This is episode 53, recorded November 21st, 2017.
I'm Michael Kennedy.
And I'm Brian Ocken.
And we've got a ton of cool things we've picked for you today.
Well, six plus a few more, but it feels like a lot of good stuff to share with you guys.
So I'm looking forward to it. How about you, Brian?
I'm really looking forward to it, yeah.
Yeah, definitely.
So before we get into that, let's say thank you, Rollbar.
If you think there are errors lurking in your app and you want to get notified right away,
go to pythonbytes.fm slash Rollbar and check it out.
Tell you more about that right now.
I want to know your philosophy on line length.
Are you a strictly 79 or less sort of person, Brian?
I'm trying to do the 79 thing, but it's really short.
So we do like 120 in my work group at
work you guys what use like 44 inch like tv hd tvs for like your monitors or what it's still pretty
good to have like i like a little bit shorter so that you can put a whole bunch of uh you can do
side-by-side diffs easier and stuff yeah for sure but 79 is really tight but it is tight how about
you what do you use i guess i I do stick to 79 pretty much.
You know, if the editor says,
hey, this one's too long,
you should reformat it according to pip8.
I guess I do,
but I feel like it has a tendency
to put pressure on you to make bad decisions.
For example, if you have like an expression
involving like say five variables
and like a string,
like you're say formatting a string
and it would encourage you to have those variables super short and non-descriptive
so they fit within 79 but if they're long and descriptive that might be 100 right and so i feel
like there's this pressure but i guess i succumb to it anyway things that i share on the on github
or something i try to keep it to 79 but i don't know if it's a good idea or not mostly because
i do testing and stuff,
people will run a flake eight over my code and say, Hey dude, how come your code doesn't
exactly, you failed the build clean. Yeah. So there's a, there's an article from Jake
Vanderplass. He's the, the astronomer guy that was a did PyCon talk to the keynote.

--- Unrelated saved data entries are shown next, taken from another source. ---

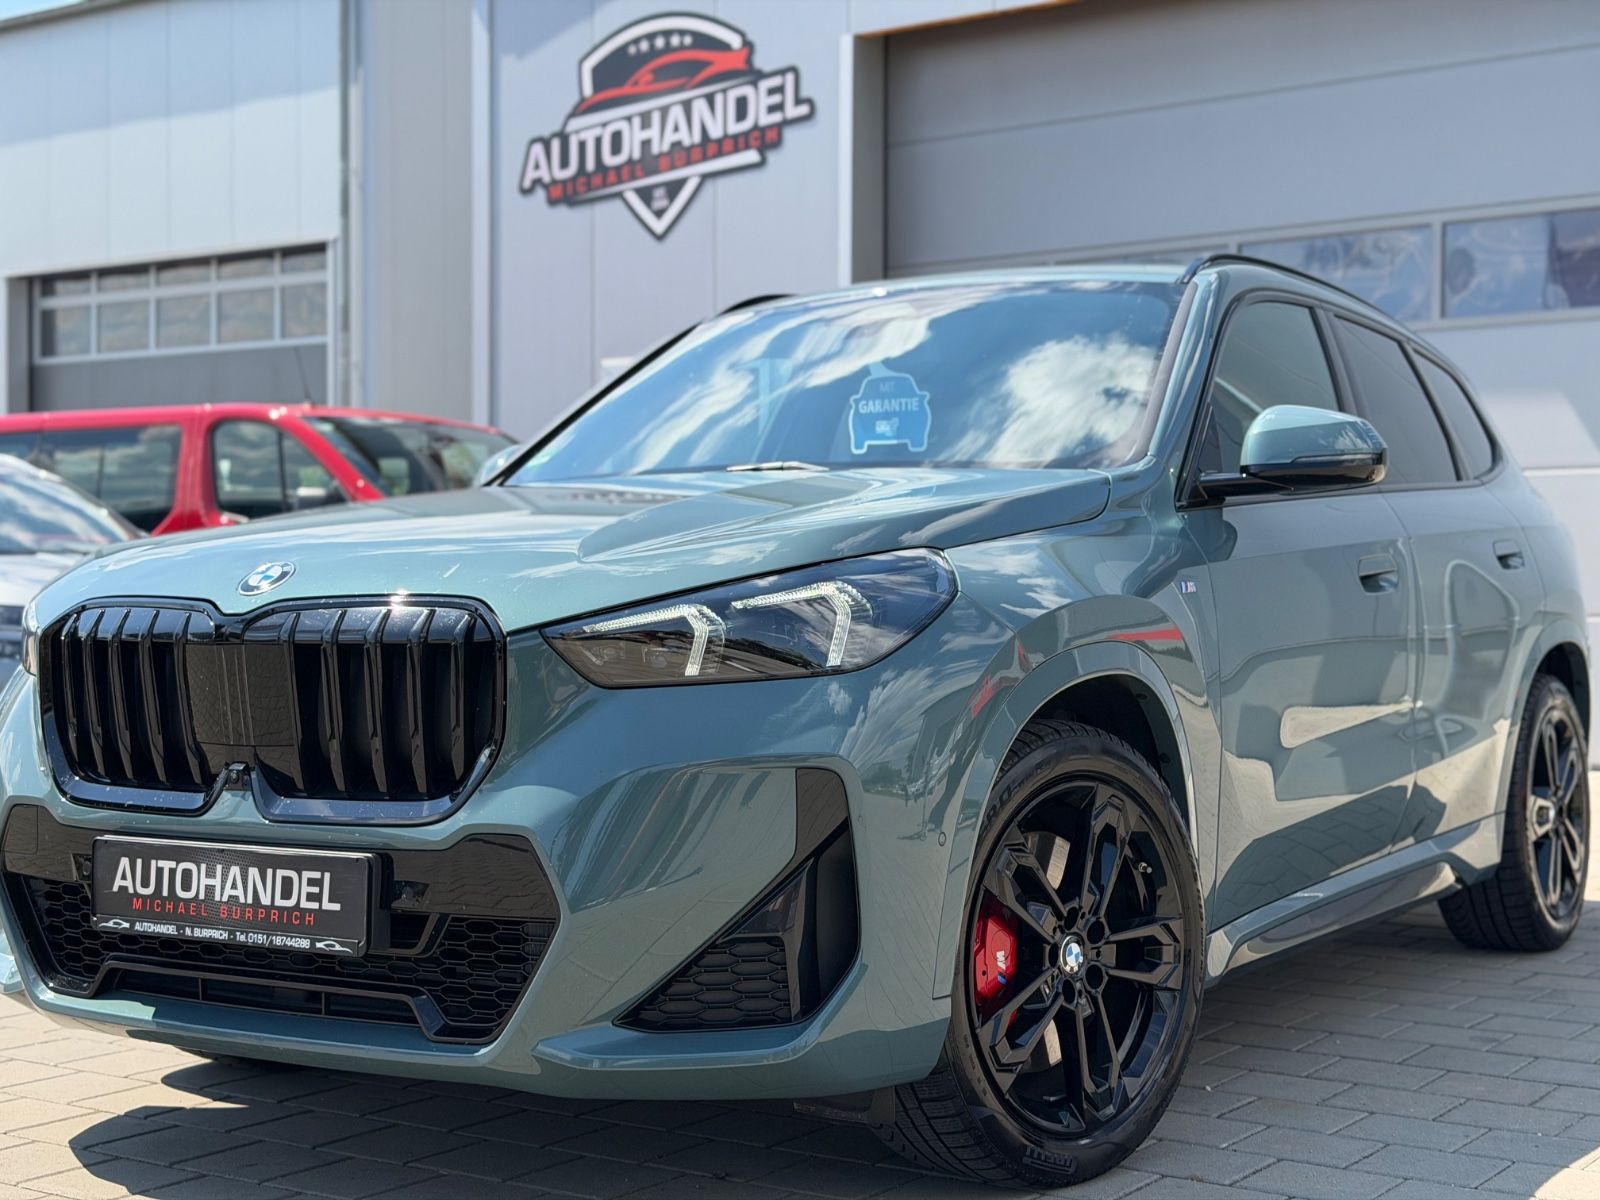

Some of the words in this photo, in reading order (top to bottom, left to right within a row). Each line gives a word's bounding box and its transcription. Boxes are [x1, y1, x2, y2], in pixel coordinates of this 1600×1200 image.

[521, 71, 811, 190] AUTOHANDEL
[549, 163, 645, 199] MICHAEL
[858, 398, 920, 414] GARANTIE
[112, 857, 341, 911] AUTOHANDEL
[132, 898, 208, 917] MICHAEL
[220, 907, 315, 926] BURPRICH
[134, 922, 178, 935] AUTOHANDEL
[194, 928, 228, 940] BURPRICH

Yeah. He did a keynote there. And I think he also did another talk, but yeah, it was,
it was great. He's up at a university washington doing all sorts of cool astronomy stuff so what
do you have to say about line lengths because of the switch of twitter between 140 and 280 that
they've done he was uh intrigued by looking at the statistics and did an exploration of line
lengths in python packages and he did it like a Jupyter Notebook-type article
so that you can kind of follow through all of his stuff
and mostly looking at NumPy, SciPy, Pandas,
I can learn Matplotlib and AstroPy.
So I didn't know about AstroPy,
but that makes sense because I'm not an astronomer.
Yeah.
How often do you analyze telescopic images
with machine learning? So far,
zero times. It sounds fun though, doesn't it? Yeah. But it's kind of a neat look at basically,
I wouldn't know how to do this right off the bat. I mean, but it's pretty simple to write a little
bit of code to import a bunch of modules and check out the line lengths and examine that and graph it
and plot it and clean it up.
It's a pretty cool article.
And then also just sort of looking at it, it looks like most of them, they follow a distribution, a... Normal distribution?
It's not exactly normal, but it's...
An abnormal distribution?
An abnormal, a log normal distribution.
That's it.
Oh, wow. Okay.
That's a little bit more statistics than I understand, but it's sort of normal, I guess.
But it follows a log normal distribution, and except for there's an artificial bump near the right side, the 80 character side, because many of these packages are trying to hit 80 or less.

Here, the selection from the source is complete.